Pictures in the records below are skipped; the rest is copied exactly.

Image-backed grounding data:

□ □ □

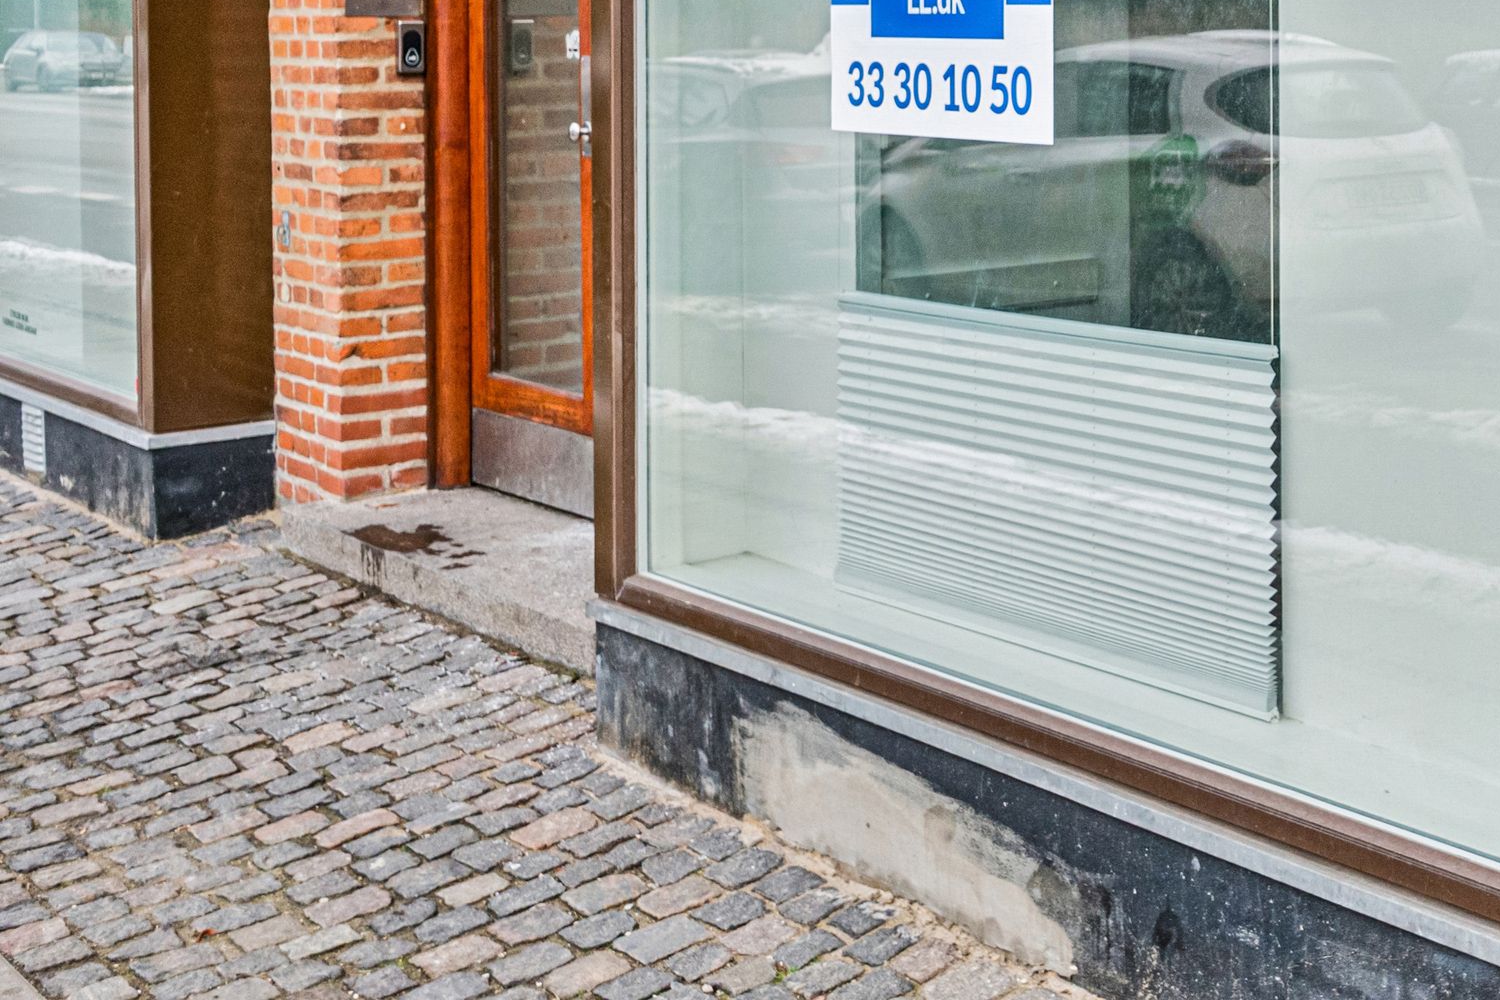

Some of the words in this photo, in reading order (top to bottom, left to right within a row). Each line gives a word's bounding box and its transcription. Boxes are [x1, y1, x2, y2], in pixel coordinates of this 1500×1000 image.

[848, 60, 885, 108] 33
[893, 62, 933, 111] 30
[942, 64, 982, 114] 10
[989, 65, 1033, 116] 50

□ □ □

» **Answer box**
Some of the words in this photo, in reading order (top to bottom, left to right within a row). Each line gives a word's bounding box and its transcription. Boxes are [x1, y1, x2, y2], in pixel coordinates of this 1500×1000 image.

[848, 60, 885, 108] 33
[893, 62, 933, 111] 30
[942, 64, 982, 114] 10
[989, 65, 1033, 116] 50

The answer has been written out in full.